*** TASK MATERIAL ***
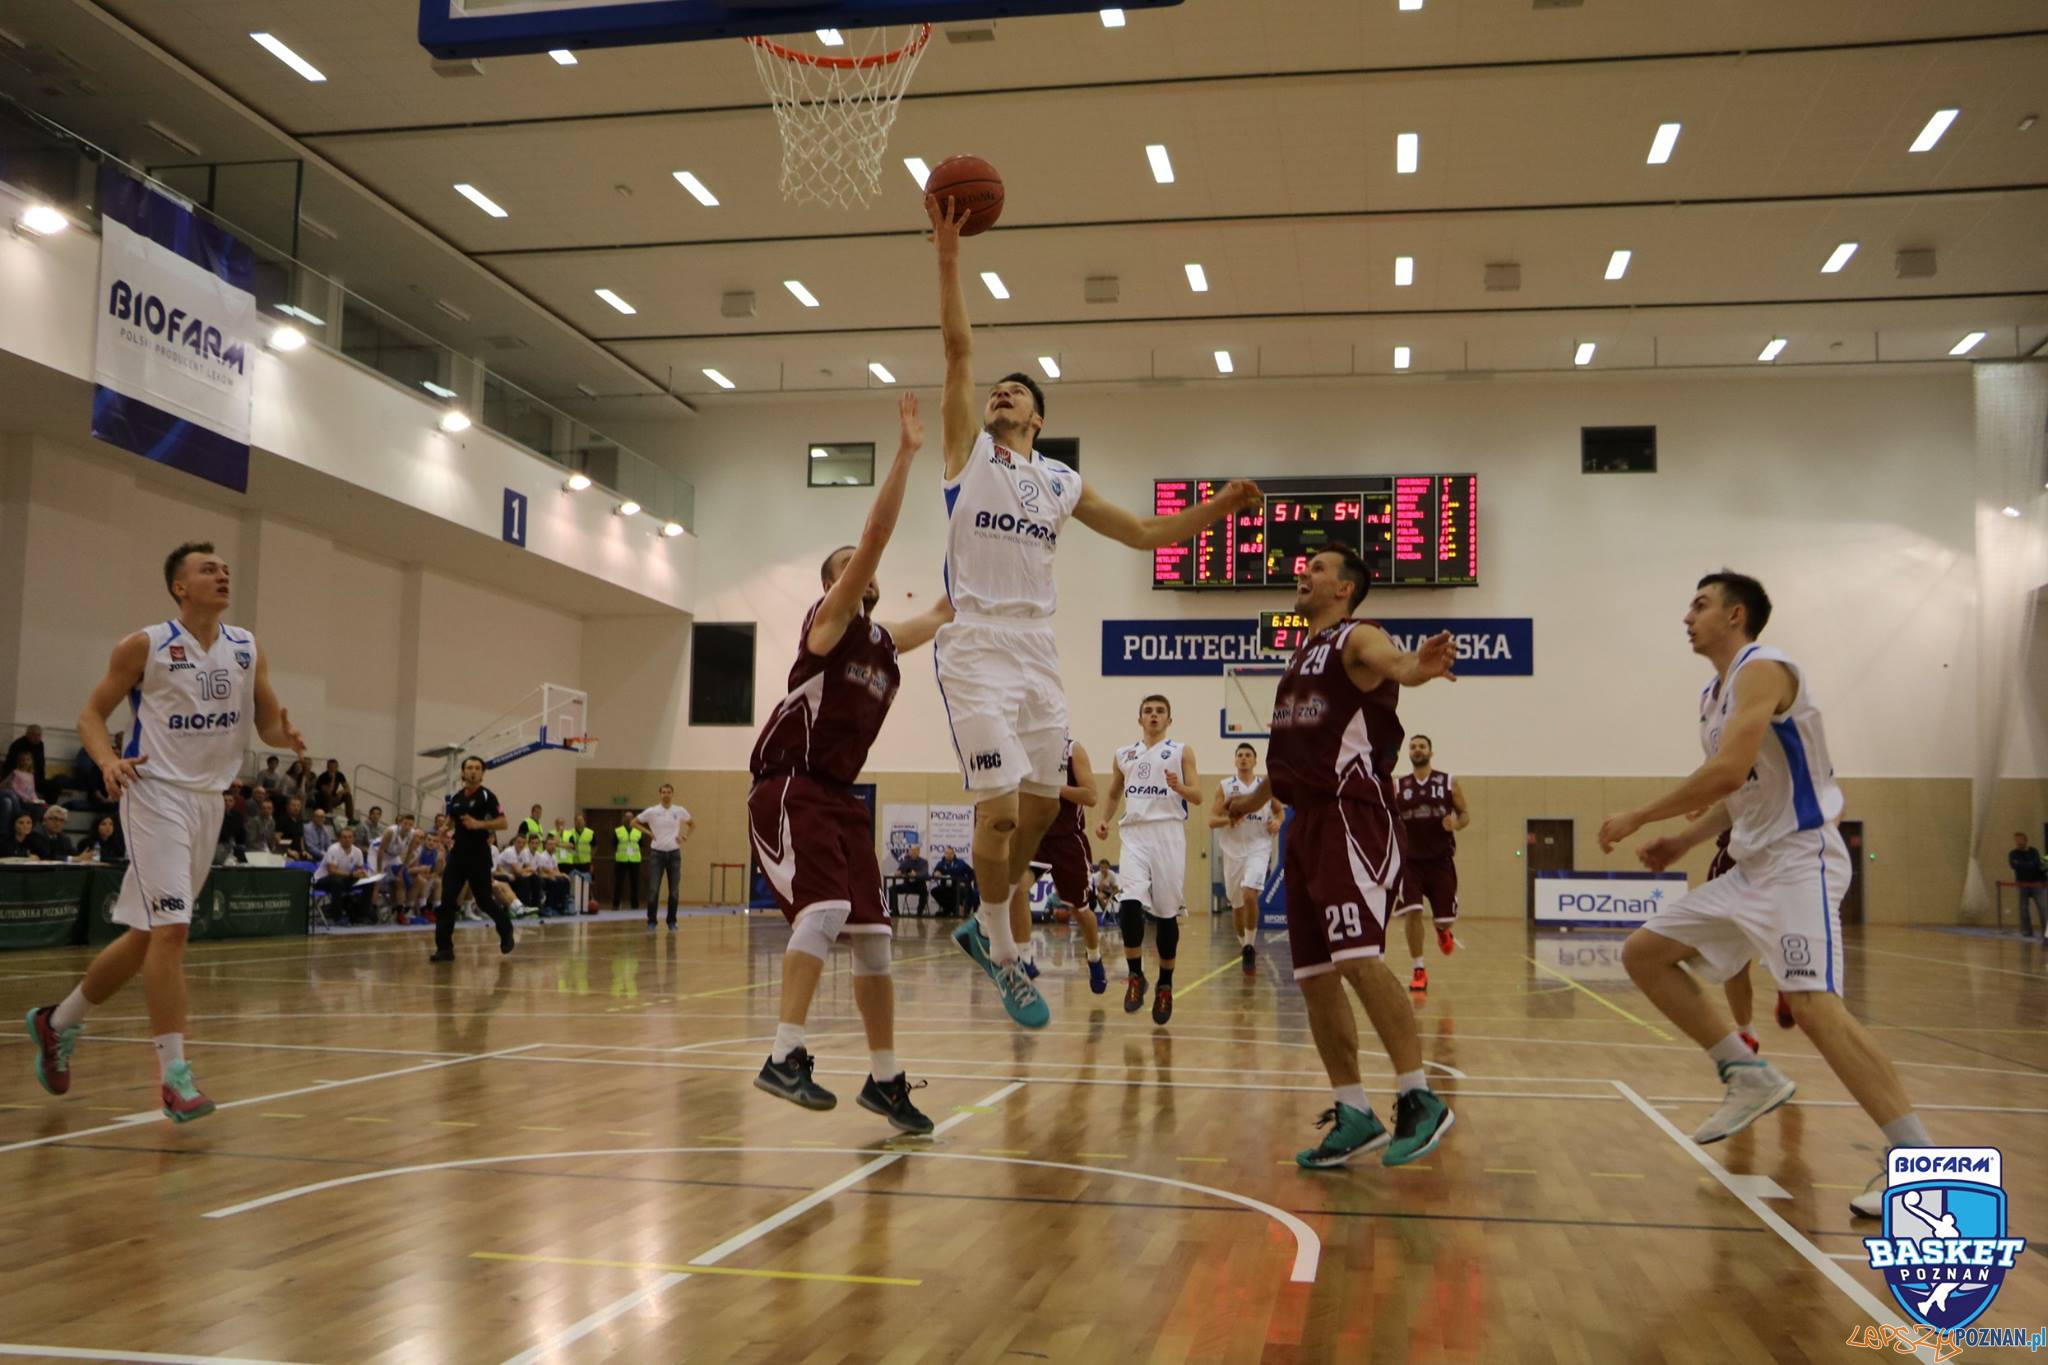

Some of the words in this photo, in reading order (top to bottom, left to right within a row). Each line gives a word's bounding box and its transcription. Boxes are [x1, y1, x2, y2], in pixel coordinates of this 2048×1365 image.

[109, 279, 245, 376] BIOFARM
[1018, 480, 1039, 513] 2
[1275, 504, 1300, 521] 51
[1334, 502, 1360, 521] 54
[511, 498, 520, 540] 1
[1300, 643, 1331, 675] 29
[195, 669, 232, 701] 16
[168, 711, 240, 730] BIOFAR
[976, 752, 1002, 770] PBG
[1137, 761, 1152, 780] 3
[1431, 785, 1444, 798] 14
[1325, 902, 1363, 942] 29
[1780, 933, 1811, 967] 8
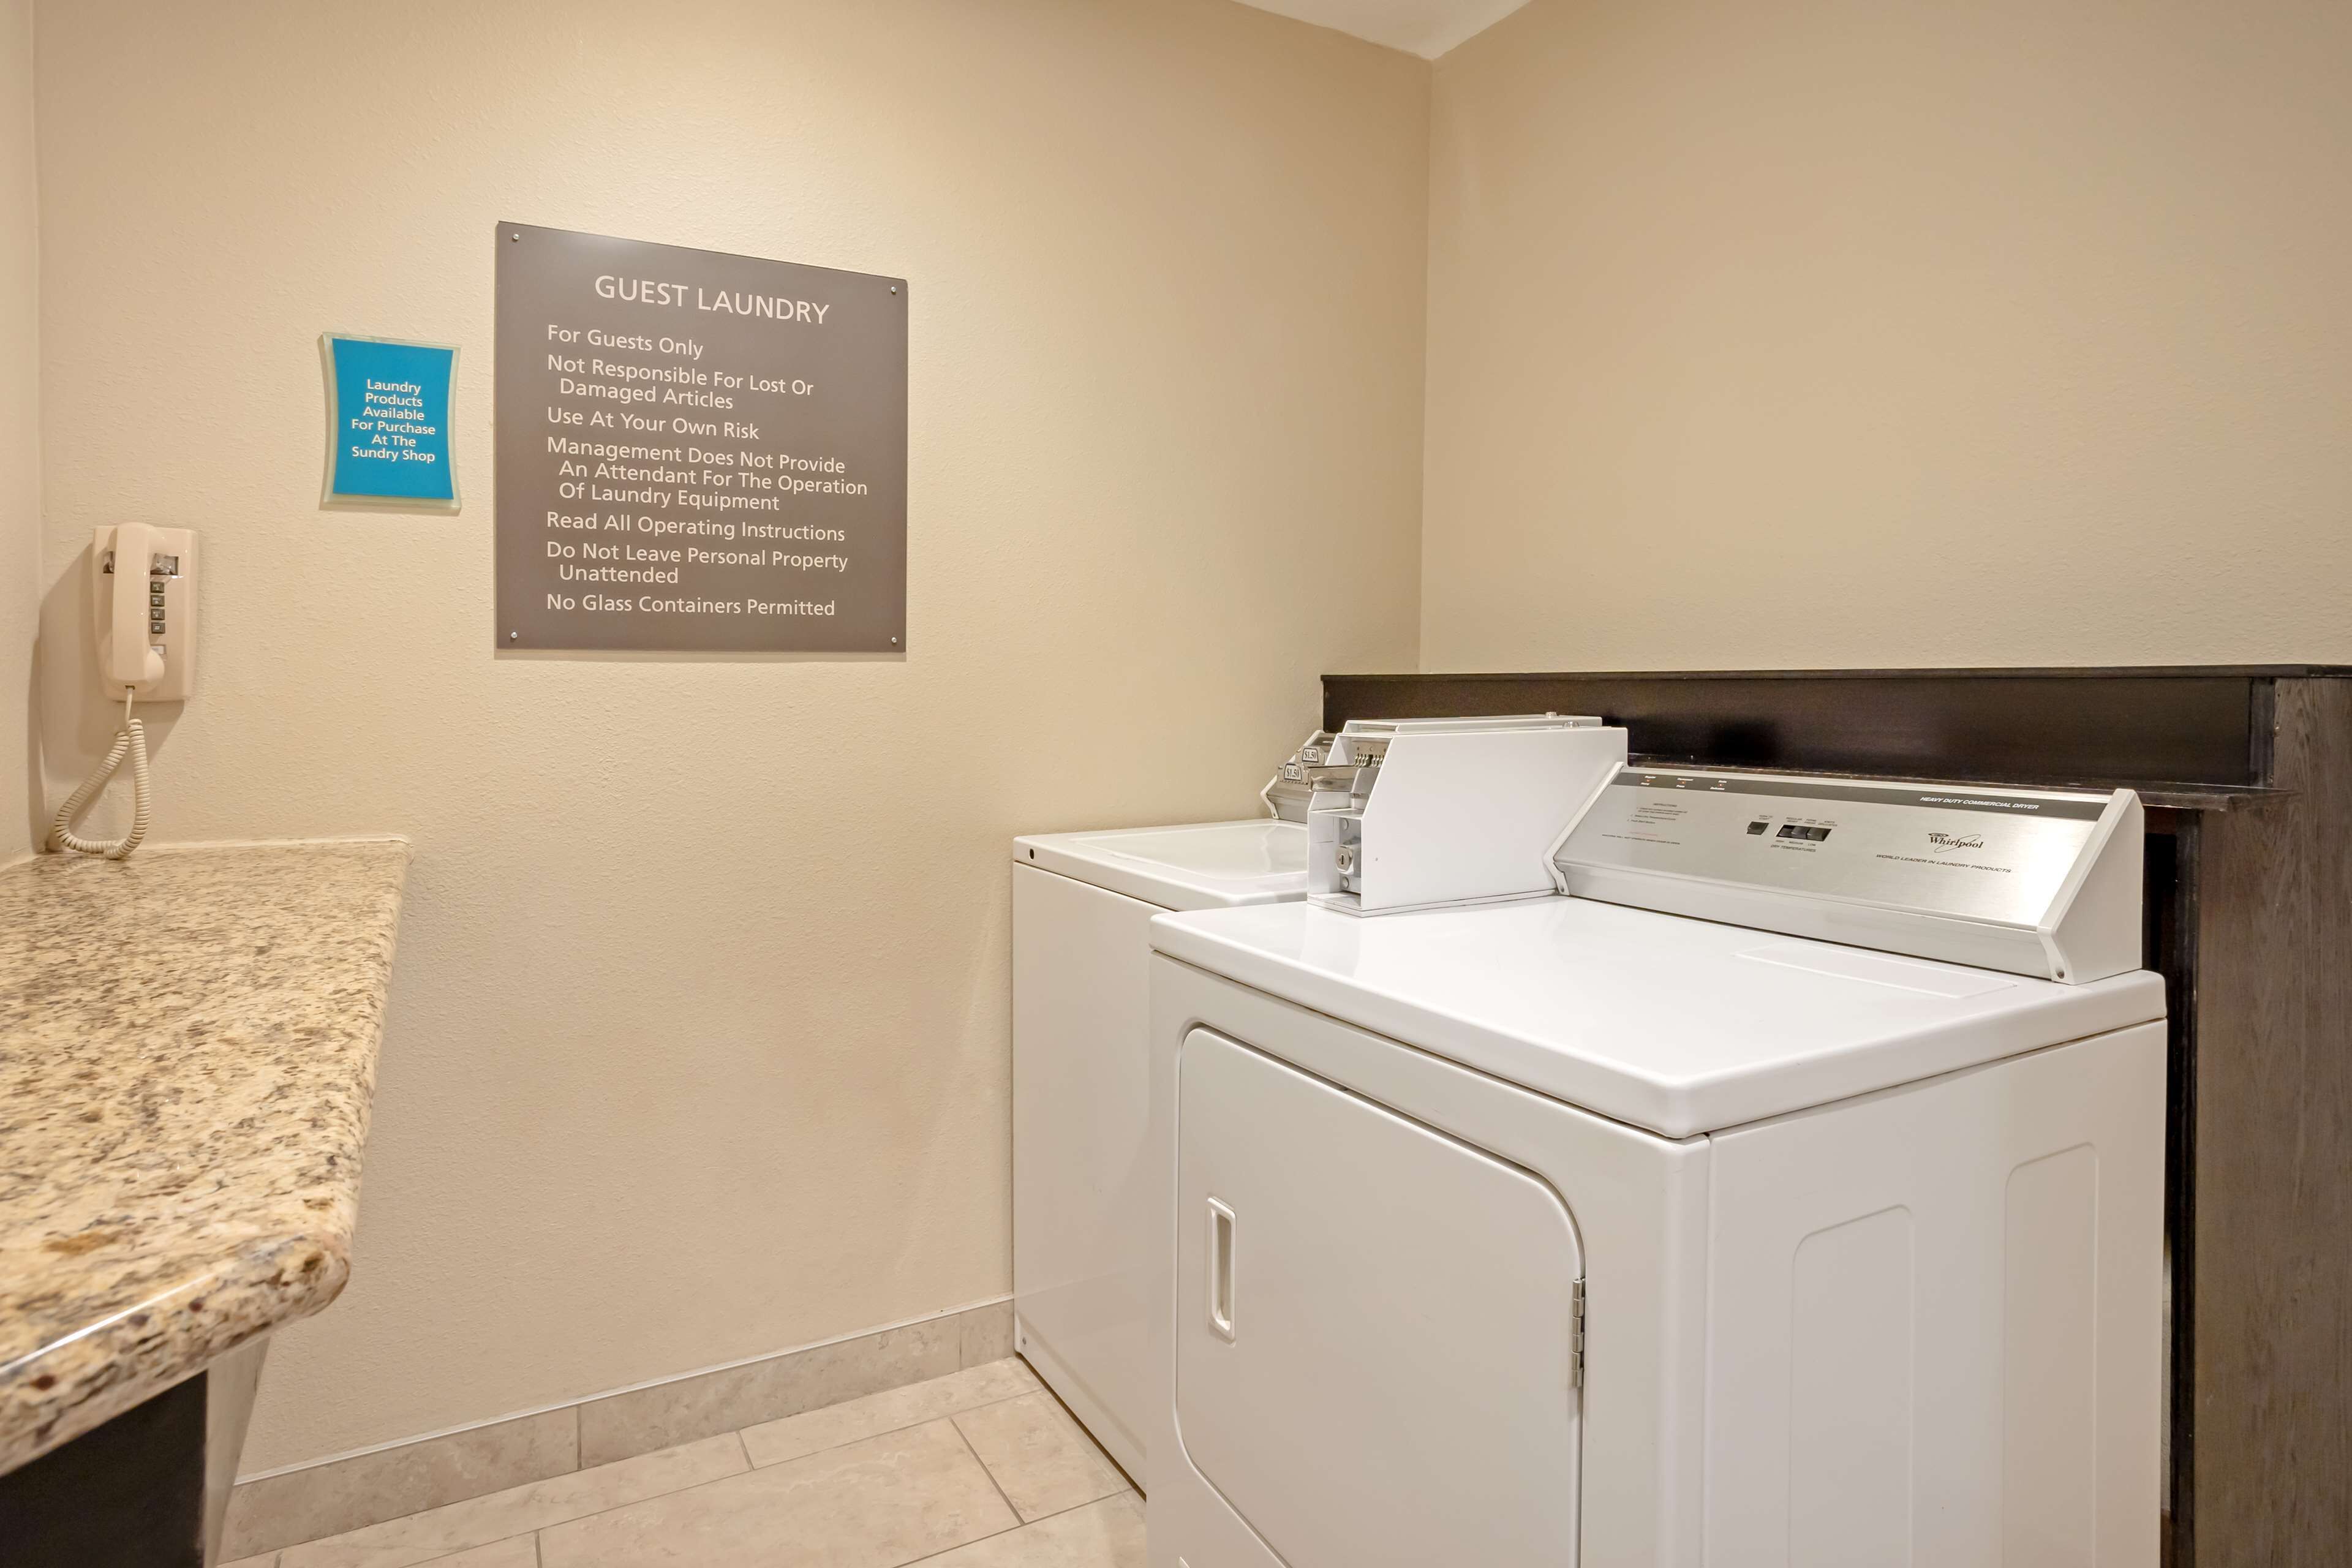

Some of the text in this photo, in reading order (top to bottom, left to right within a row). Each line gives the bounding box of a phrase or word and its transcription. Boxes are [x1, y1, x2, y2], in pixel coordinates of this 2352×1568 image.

[595, 276, 829, 323] GUEST LAUNDRY
[549, 325, 703, 360] For Guests Only
[549, 355, 813, 395] Not Responsible For Lost Or
[367, 379, 421, 395] Laundry
[561, 378, 733, 409] Damaged Articles
[365, 393, 422, 407] Products
[363, 407, 424, 420] Available
[352, 419, 435, 434] For Purchase
[548, 407, 759, 439] Use At Your Own Risk
[372, 434, 416, 447] At The
[352, 447, 435, 463] Sundry Shop
[548, 437, 845, 473] Management Does Not Provide
[559, 461, 867, 495] An Attendant For The Operation
[559, 483, 779, 511] Of Laundry Equipment
[548, 511, 845, 541] Read All Operating Instructions
[548, 541, 848, 572] Do Not Leave Personal Property
[560, 565, 677, 583] Unattended
[548, 594, 834, 616] No Glass Containers Permitted
[1304, 750, 1317, 759] $1.50
[1286, 768, 1299, 778] $1.50
[1962, 799, 2011, 808] COMMERCIAL
[1930, 836, 1984, 849] Whirlpool
[1972, 865, 2011, 873] PRODUCTS
*** End of TASK MATERIAL ***
**INSTRUCTIONS TO FOLLOW:**
Whenever images occur above, omit them and retype each line exactly as it stands.

**OUTPUT:**
Some of the words in this photo, in reading order (top to bottom, left to right within a row). Each line gives a word's bounding box and its transcription. Boxes are [x1, y1, x2, y2], in pixel coordinates of this 2048×1365 image.

[109, 279, 245, 376] BIOFARM
[1018, 480, 1039, 513] 2
[1275, 504, 1300, 521] 51
[1334, 502, 1360, 521] 54
[511, 498, 520, 540] 1
[1300, 643, 1331, 675] 29
[195, 669, 232, 701] 16
[168, 711, 240, 730] BIOFAR
[976, 752, 1002, 770] PBG
[1137, 761, 1152, 780] 3
[1431, 785, 1444, 798] 14
[1325, 902, 1363, 942] 29
[1780, 933, 1811, 967] 8

Some of the text in this photo, in reading order (top to bottom, left to right within a row). Each line gives the bounding box of a phrase or word and its transcription. Boxes are [x1, y1, x2, y2], in pixel coordinates of this 2352×1568 image.

[595, 276, 829, 323] GUEST LAUNDRY
[549, 325, 703, 360] For Guests Only
[549, 355, 813, 395] Not Responsible For Lost Or
[367, 379, 421, 395] Laundry
[561, 378, 733, 409] Damaged Articles
[365, 393, 422, 407] Products
[363, 407, 424, 420] Available
[352, 419, 435, 434] For Purchase
[548, 407, 759, 439] Use At Your Own Risk
[372, 434, 416, 447] At The
[352, 447, 435, 463] Sundry Shop
[548, 437, 845, 473] Management Does Not Provide
[559, 461, 867, 495] An Attendant For The Operation
[559, 483, 779, 511] Of Laundry Equipment
[548, 511, 845, 541] Read All Operating Instructions
[548, 541, 848, 572] Do Not Leave Personal Property
[560, 565, 677, 583] Unattended
[548, 594, 834, 616] No Glass Containers Permitted
[1304, 750, 1317, 759] $1.50
[1286, 768, 1299, 778] $1.50
[1962, 799, 2011, 808] COMMERCIAL
[1930, 836, 1984, 849] Whirlpool
[1972, 865, 2011, 873] PRODUCTS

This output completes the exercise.